*** Begin section ***
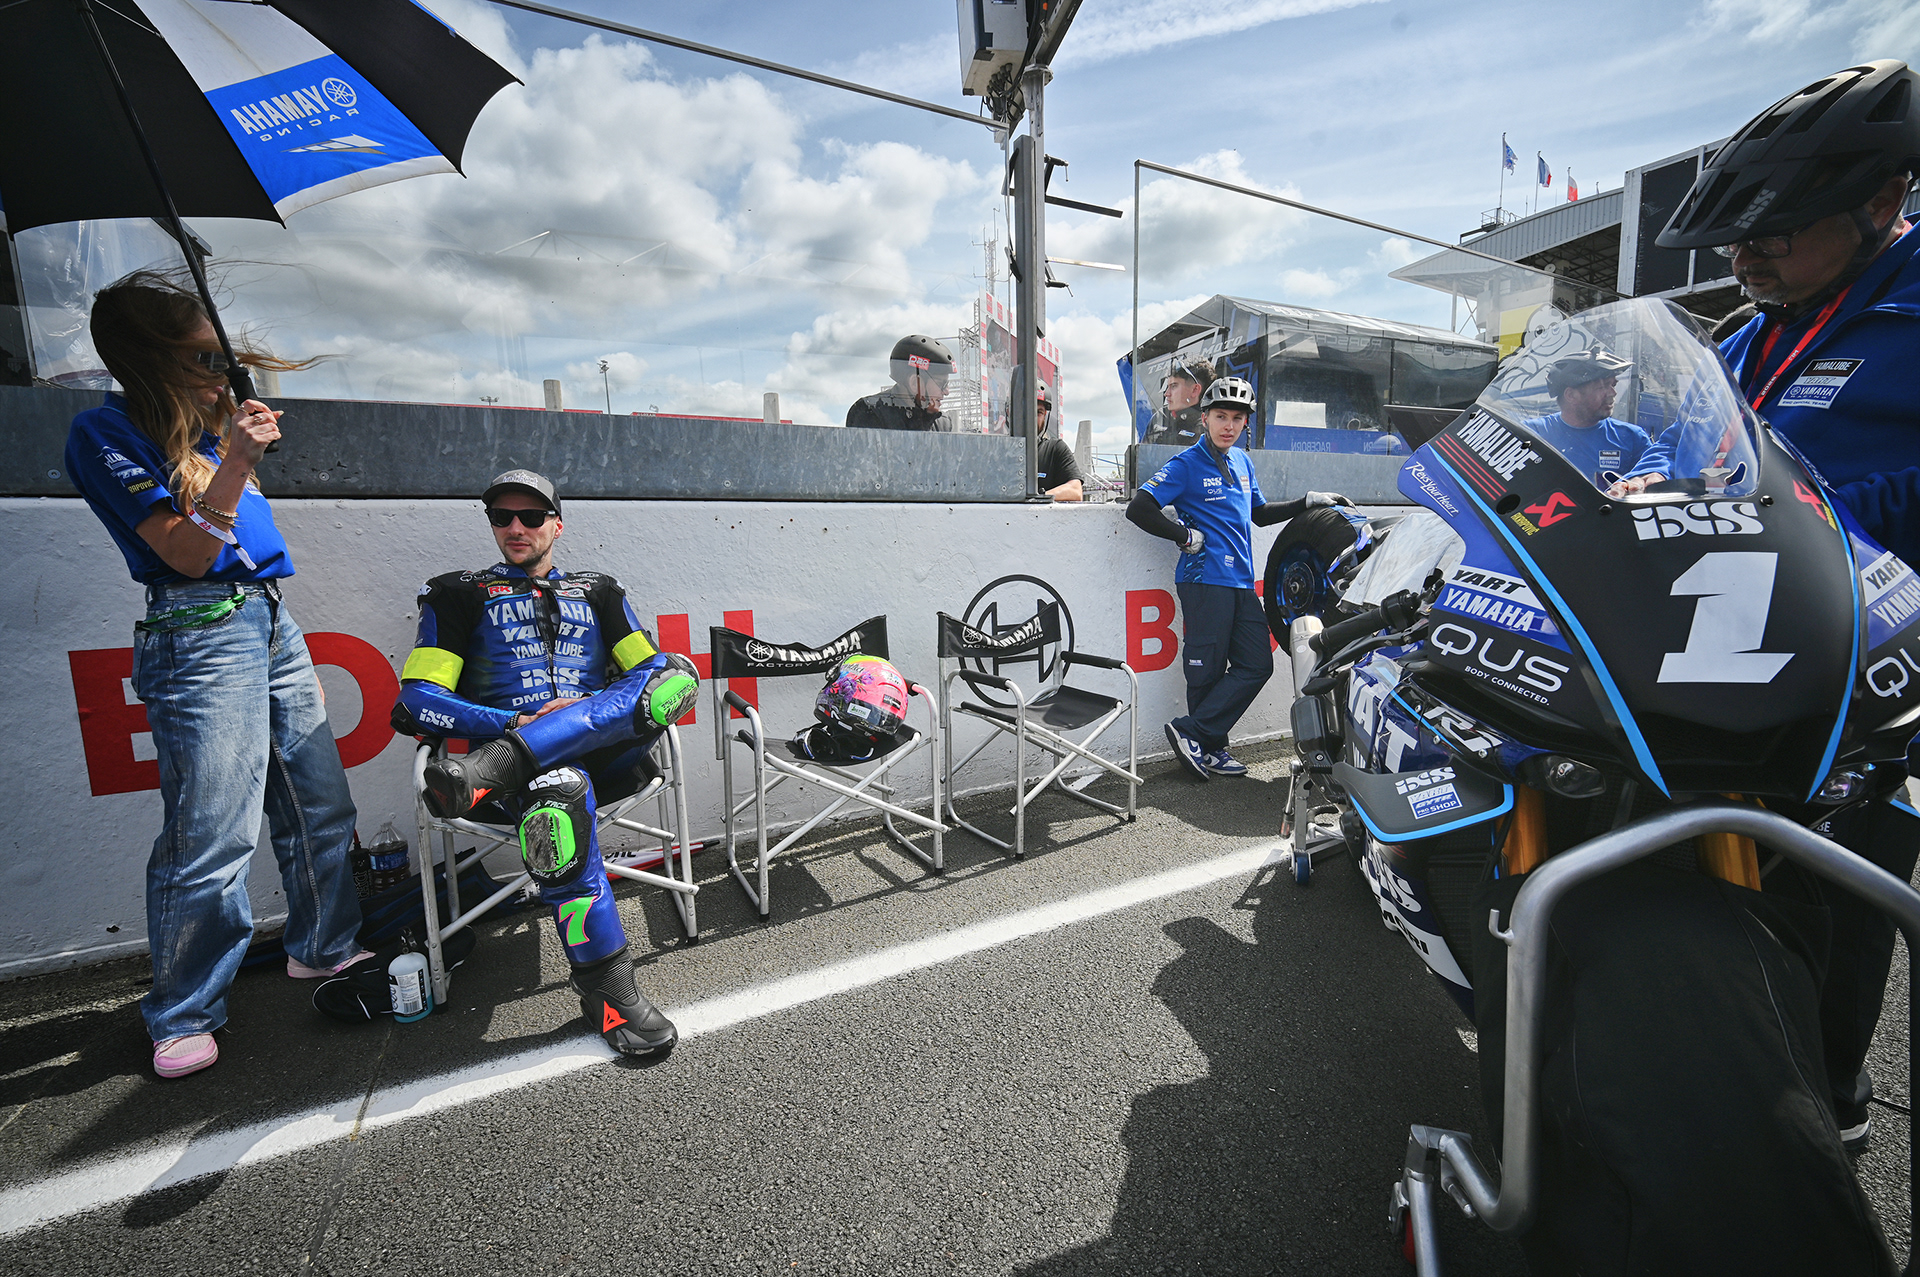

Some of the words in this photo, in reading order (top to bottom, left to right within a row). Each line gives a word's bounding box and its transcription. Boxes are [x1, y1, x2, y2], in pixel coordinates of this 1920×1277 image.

[1812, 361, 1853, 371] YAMALUBE
[1800, 386, 1834, 396] YAMAHA
[1452, 569, 1526, 594] YART
[1867, 556, 1905, 590] YART
[489, 586, 511, 594] RK
[1872, 578, 1920, 628] YAMAH
[487, 599, 595, 626] YAMAHA
[1443, 588, 1535, 632] YAMAHA
[1657, 551, 1796, 684] 1
[502, 621, 590, 643] YART
[774, 630, 862, 663] YAMAHA
[1430, 622, 1570, 693] QUS
[1866, 635, 1920, 698] QU
[512, 691, 551, 707] DMG
[1464, 665, 1490, 680] BODY
[1491, 676, 1550, 706] CONNECTED.
[544, 799, 569, 810] FACE
[1429, 800, 1457, 813] SHOP
[553, 857, 579, 878] POWER
[558, 895, 599, 947] 7
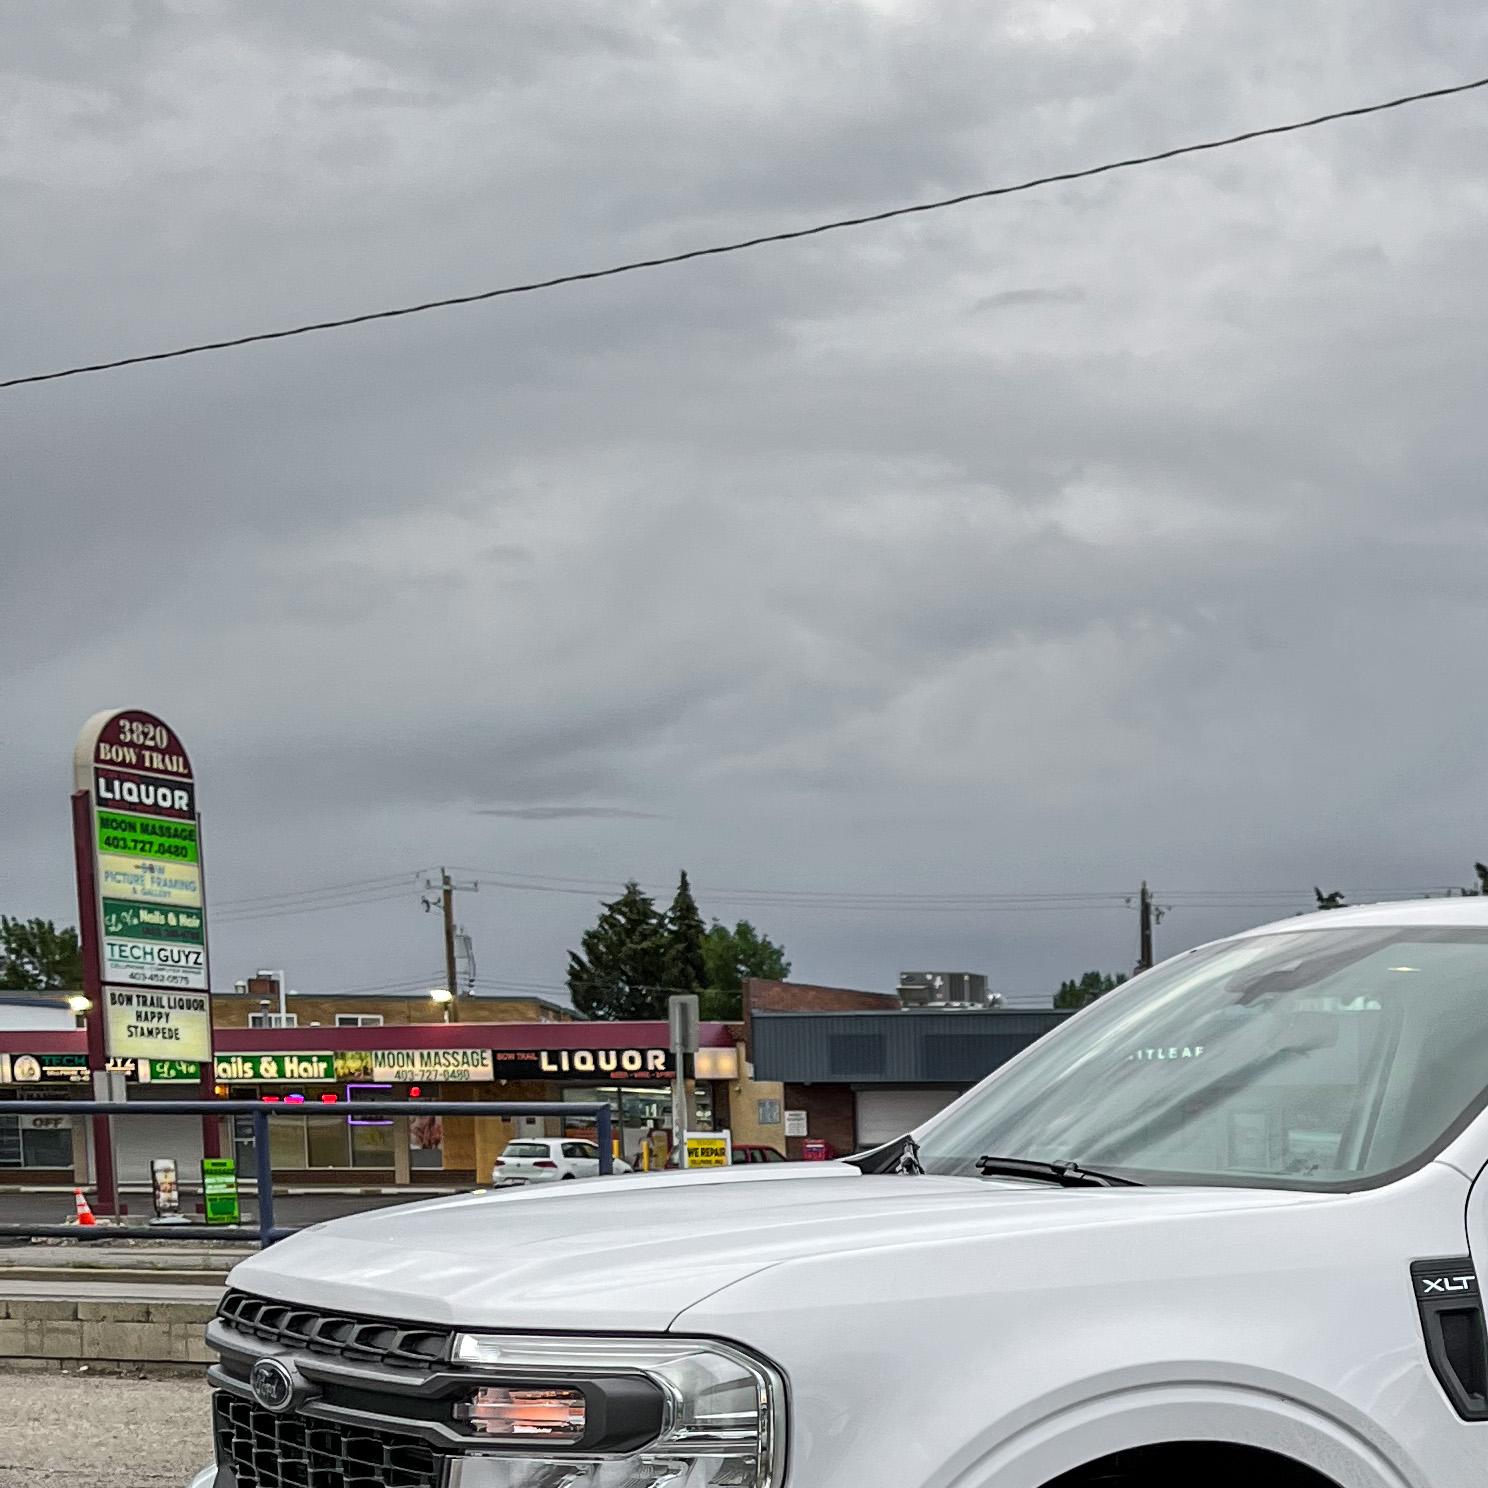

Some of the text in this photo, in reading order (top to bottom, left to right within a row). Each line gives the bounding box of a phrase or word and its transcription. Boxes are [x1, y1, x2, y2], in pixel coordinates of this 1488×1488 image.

[119, 719, 169, 749] 3820
[99, 743, 189, 774] BOW TRAIL
[98, 777, 190, 811] LIQUOR
[100, 817, 197, 842] MOON MASSAGE
[110, 992, 205, 1012] BOW TRAIL LIQUOR
[135, 1010, 170, 1024] HAPPY
[127, 1025, 181, 1041] STAMPEDE
[259, 1056, 279, 1079] &
[284, 1056, 328, 1079] Hair
[374, 1050, 490, 1069] MOON MASSAGE
[540, 1050, 666, 1071] LIQUOR
[1422, 1275, 1476, 1293] XLT
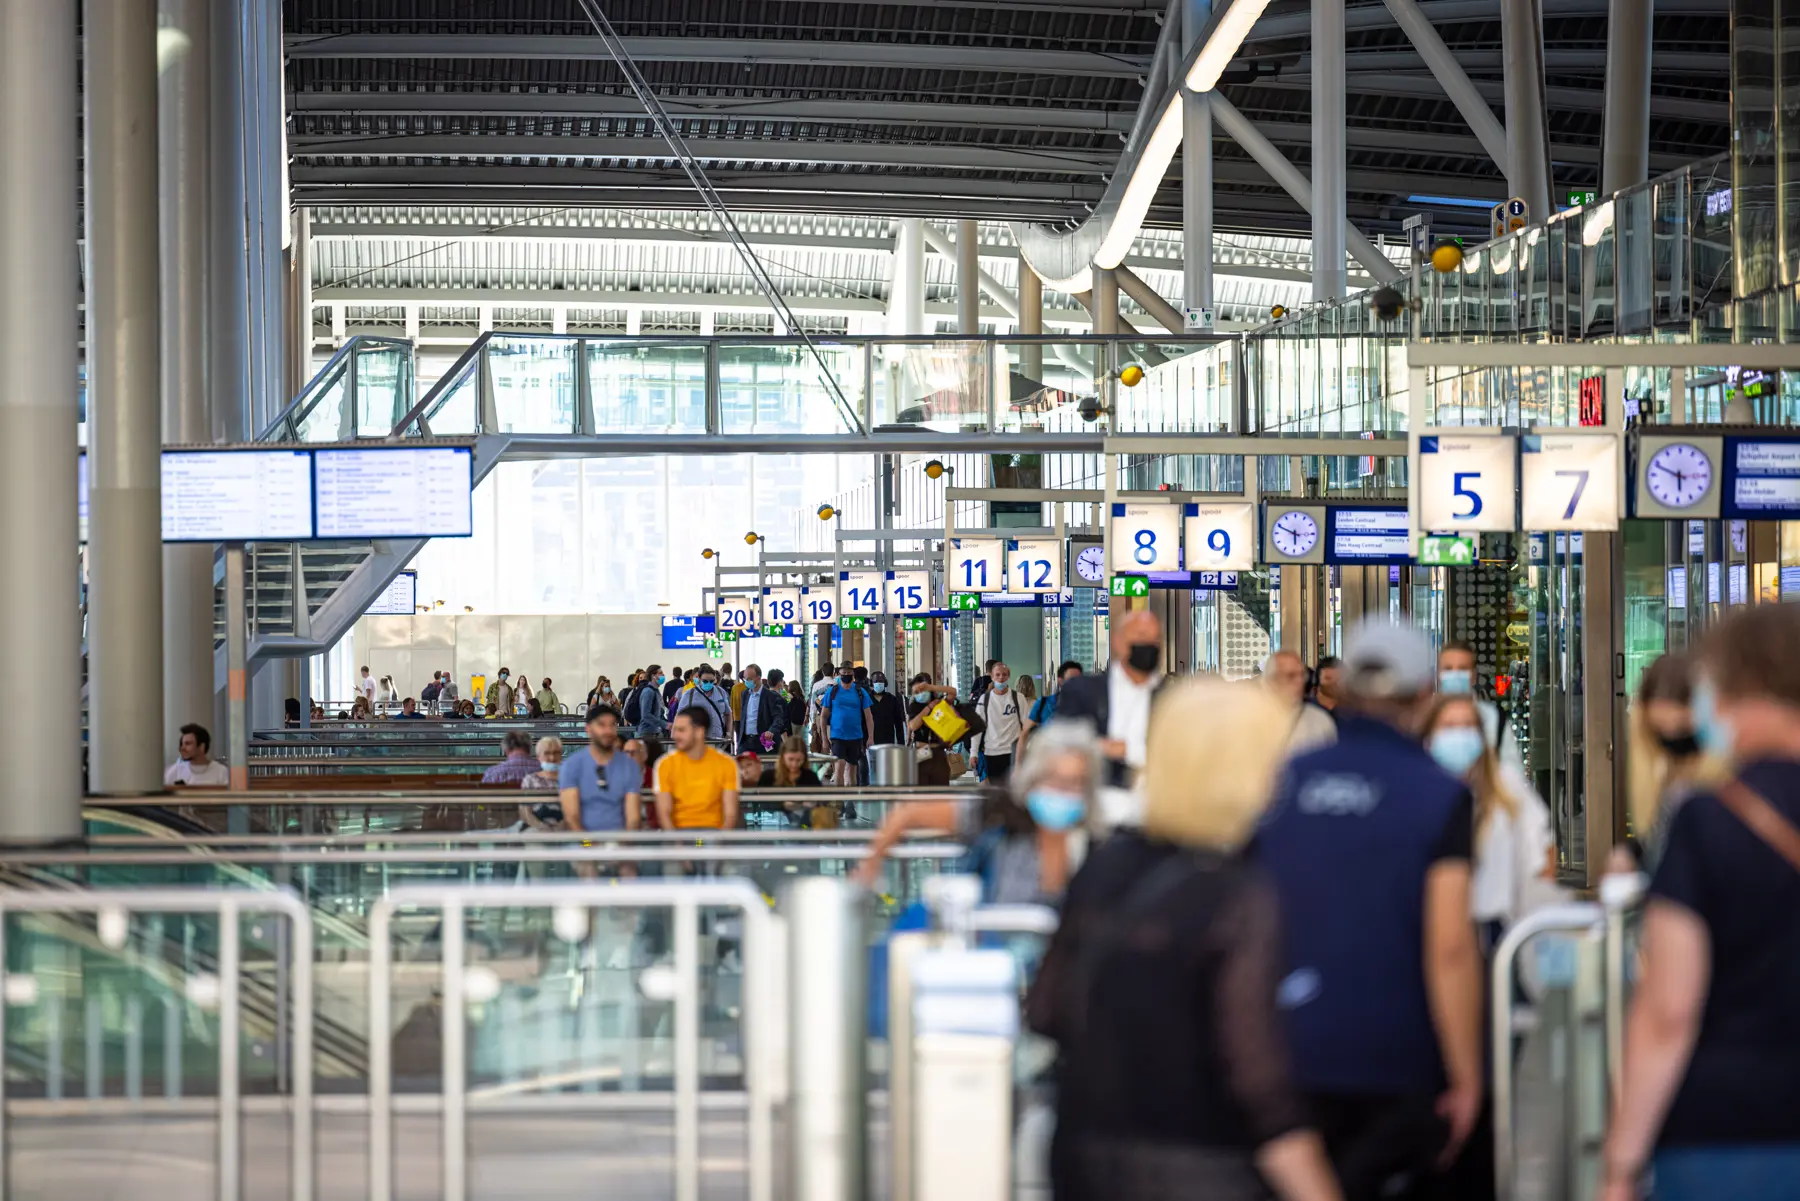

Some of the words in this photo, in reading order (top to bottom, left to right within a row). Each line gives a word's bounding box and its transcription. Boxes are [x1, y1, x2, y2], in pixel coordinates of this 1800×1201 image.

[1453, 472, 1482, 518] 5
[1556, 472, 1588, 519] 7
[1134, 529, 1157, 565] 8
[1207, 529, 1231, 561] 9
[960, 559, 987, 587] 11
[1017, 559, 1053, 588] 12
[768, 599, 795, 620] 18
[807, 600, 833, 620] 19
[848, 588, 879, 611] 14
[893, 586, 923, 610] 15
[722, 609, 747, 627] 20
*** End section ***
▶ **Activity**:
Pictures are to be left out; the rest of the listing should be printed exactly.

▶ **Response area**:
Some of the words in this photo, in reading order (top to bottom, left to right within a row). Each line gives a word's bounding box and its transcription. Boxes are [x1, y1, x2, y2], in pixel coordinates of this 1920×1277 image.

[1812, 361, 1853, 371] YAMALUBE
[1800, 386, 1834, 396] YAMAHA
[1452, 569, 1526, 594] YART
[1867, 556, 1905, 590] YART
[489, 586, 511, 594] RK
[1872, 578, 1920, 628] YAMAH
[487, 599, 595, 626] YAMAHA
[1443, 588, 1535, 632] YAMAHA
[1657, 551, 1796, 684] 1
[502, 621, 590, 643] YART
[774, 630, 862, 663] YAMAHA
[1430, 622, 1570, 693] QUS
[1866, 635, 1920, 698] QU
[512, 691, 551, 707] DMG
[1464, 665, 1490, 680] BODY
[1491, 676, 1550, 706] CONNECTED.
[544, 799, 569, 810] FACE
[1429, 800, 1457, 813] SHOP
[553, 857, 579, 878] POWER
[558, 895, 599, 947] 7

Some of the text in this photo, in reading order (top to bottom, left to right within a row). Each line gives the bounding box of a phrase or word and its transcription. Boxes are [x1, y1, x2, y2], in pixel coordinates of this 1488×1488 image.

[119, 719, 169, 749] 3820
[99, 743, 189, 774] BOW TRAIL
[98, 777, 190, 811] LIQUOR
[100, 817, 197, 842] MOON MASSAGE
[110, 992, 205, 1012] BOW TRAIL LIQUOR
[135, 1010, 170, 1024] HAPPY
[127, 1025, 181, 1041] STAMPEDE
[259, 1056, 279, 1079] &
[284, 1056, 328, 1079] Hair
[374, 1050, 490, 1069] MOON MASSAGE
[540, 1050, 666, 1071] LIQUOR
[1422, 1275, 1476, 1293] XLT

Some of the words in this photo, in reading order (top to bottom, left to right within a row). Each line gives a word's bounding box and its transcription. Boxes are [x1, y1, x2, y2], in pixel coordinates of this 1800×1201 image.

[1453, 472, 1482, 518] 5
[1556, 472, 1588, 519] 7
[1134, 529, 1157, 565] 8
[1207, 529, 1231, 561] 9
[960, 559, 987, 587] 11
[1017, 559, 1053, 588] 12
[768, 599, 795, 620] 18
[807, 600, 833, 620] 19
[848, 588, 879, 611] 14
[893, 586, 923, 610] 15
[722, 609, 747, 627] 20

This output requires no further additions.